[DESCRIPTION OF THE TASK] Retype each entry verbatim. Do not include the images.

(Spatial localization data)

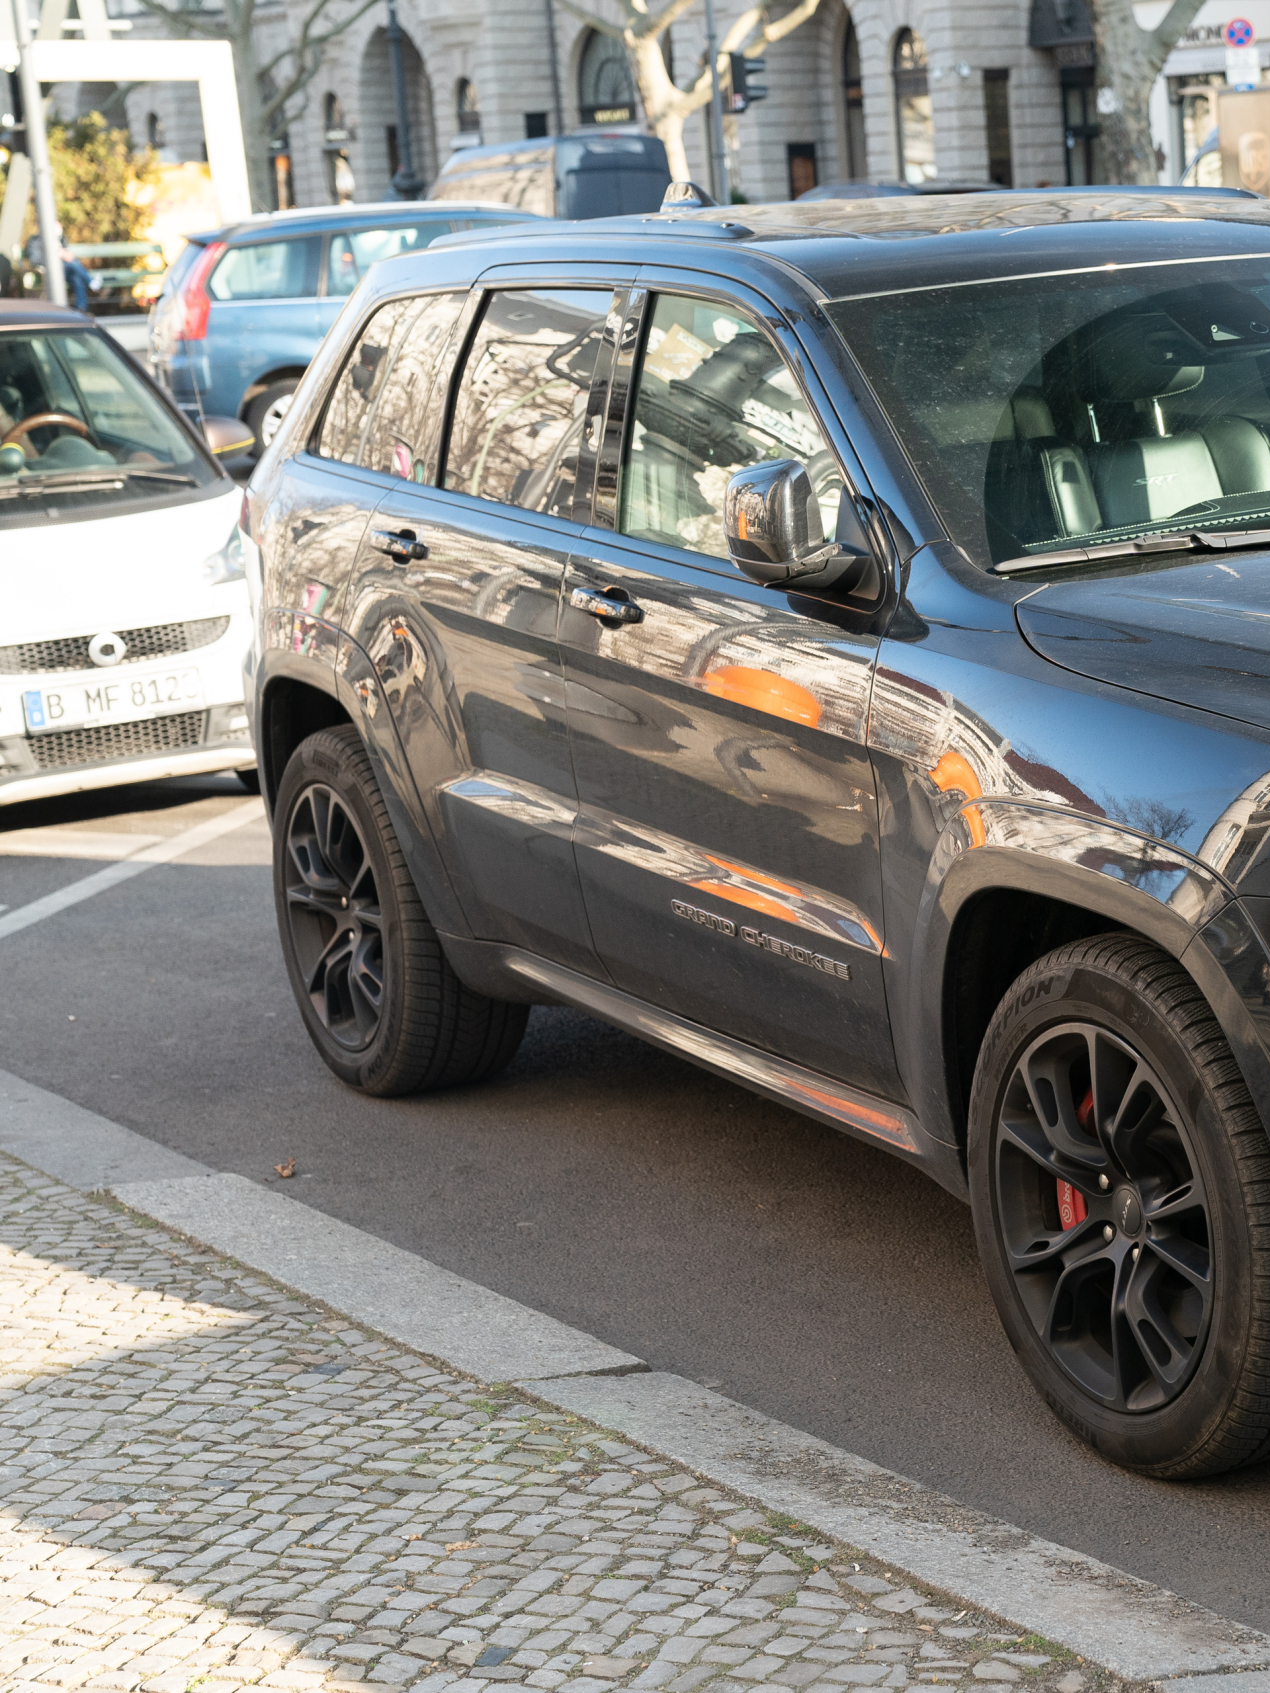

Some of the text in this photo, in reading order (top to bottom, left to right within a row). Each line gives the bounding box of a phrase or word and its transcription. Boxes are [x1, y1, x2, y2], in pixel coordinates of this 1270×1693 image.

[46, 693, 65, 720] B
[84, 684, 120, 714] MF
[671, 898, 851, 981] GRAND CHEROKEE
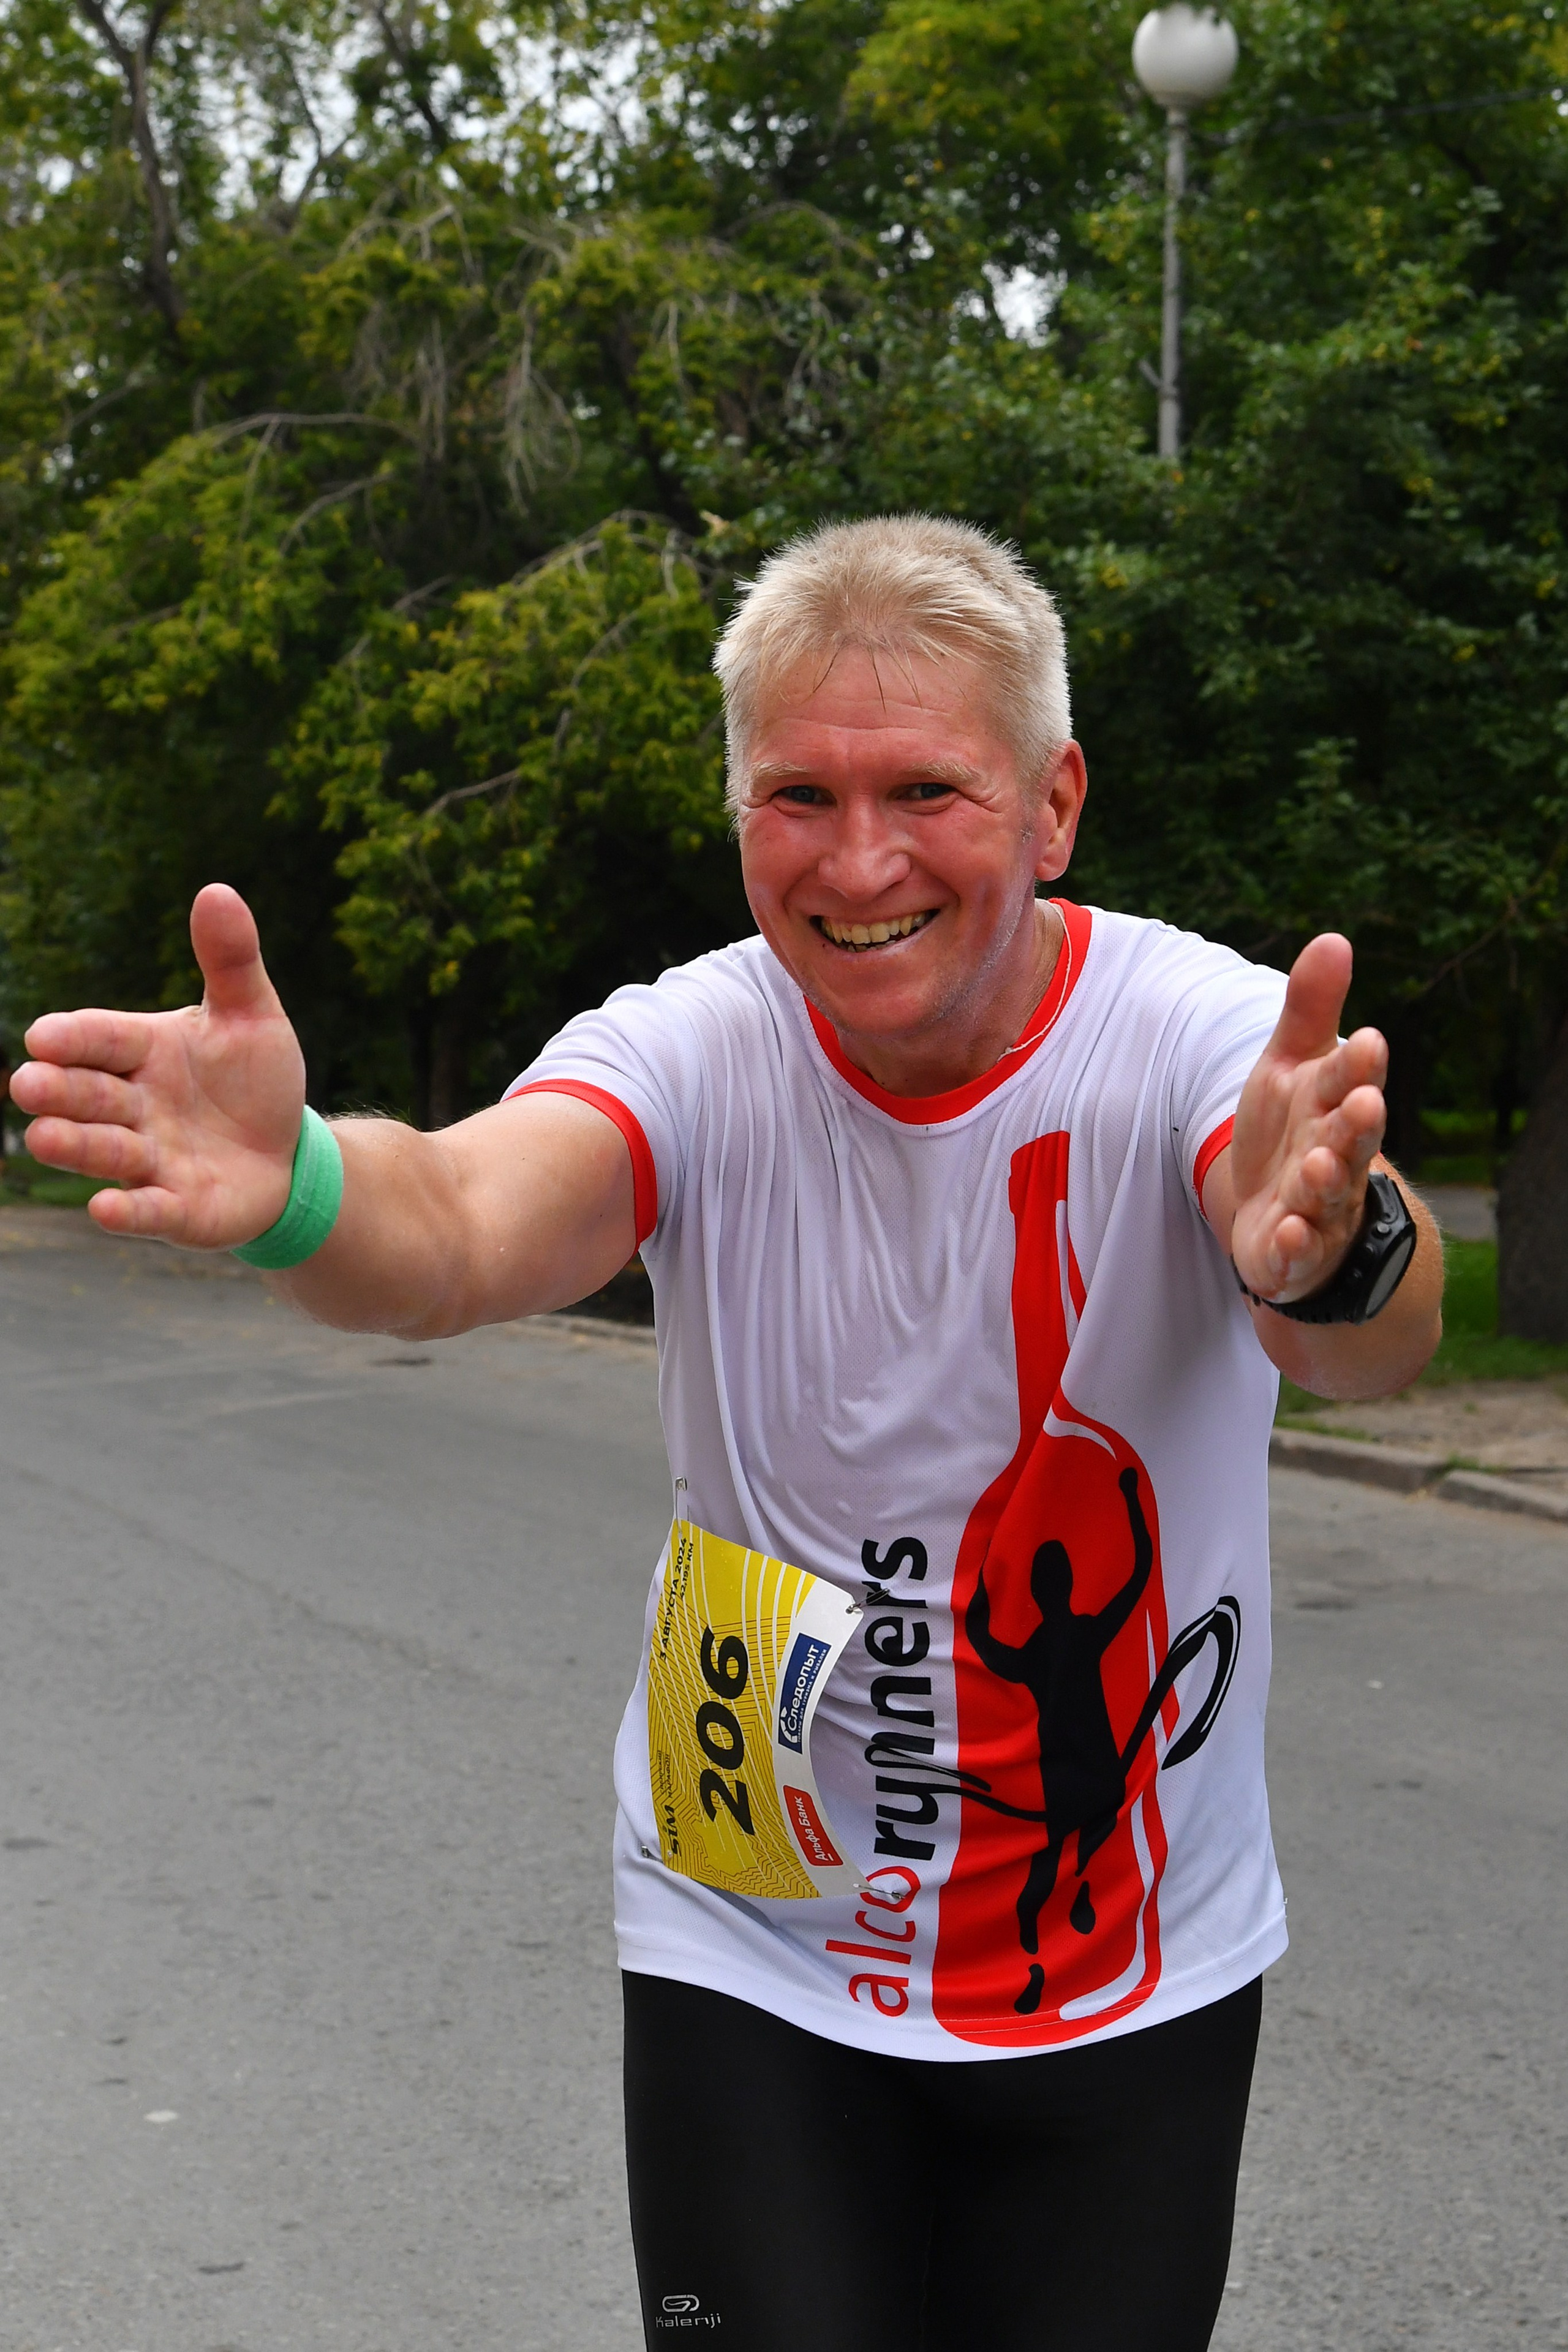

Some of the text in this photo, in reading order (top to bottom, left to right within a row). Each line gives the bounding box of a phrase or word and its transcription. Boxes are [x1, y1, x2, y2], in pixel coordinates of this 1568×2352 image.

[660, 1537, 687, 1661] 3 АВГУСТА 2024
[679, 1542, 694, 1599] 42,195 КМ
[802, 1681, 813, 1706] ТУРИЗМА
[812, 1648, 827, 1675] РЫБАЛКИ
[696, 1626, 755, 1836] 206
[794, 1796, 834, 1861] Альфа Банк
[655, 2313, 721, 2328] Kalenji

[RESPONSE TO THIS TASK]
Some of the text in this photo, in reading order (top to bottom, left to right within a row). Each line gives the bounding box of a phrase or word and its transcription. Boxes are [x1, y1, x2, y2], in pixel coordinates of this 1270×1693 image.

[46, 693, 65, 720] B
[84, 684, 120, 714] MF
[671, 898, 851, 981] GRAND CHEROKEE

Some of the text in this photo, in reading order (top to bottom, left to right within a row). Each line gives the bounding box of a phrase or word and its transcription. Boxes are [x1, y1, x2, y2], in pixel coordinates of this 1568×2352 image.

[660, 1537, 687, 1661] 3 АВГУСТА 2024
[679, 1542, 694, 1599] 42,195 КМ
[802, 1681, 813, 1706] ТУРИЗМА
[812, 1648, 827, 1675] РЫБАЛКИ
[696, 1626, 755, 1836] 206
[794, 1796, 834, 1861] Альфа Банк
[655, 2313, 721, 2328] Kalenji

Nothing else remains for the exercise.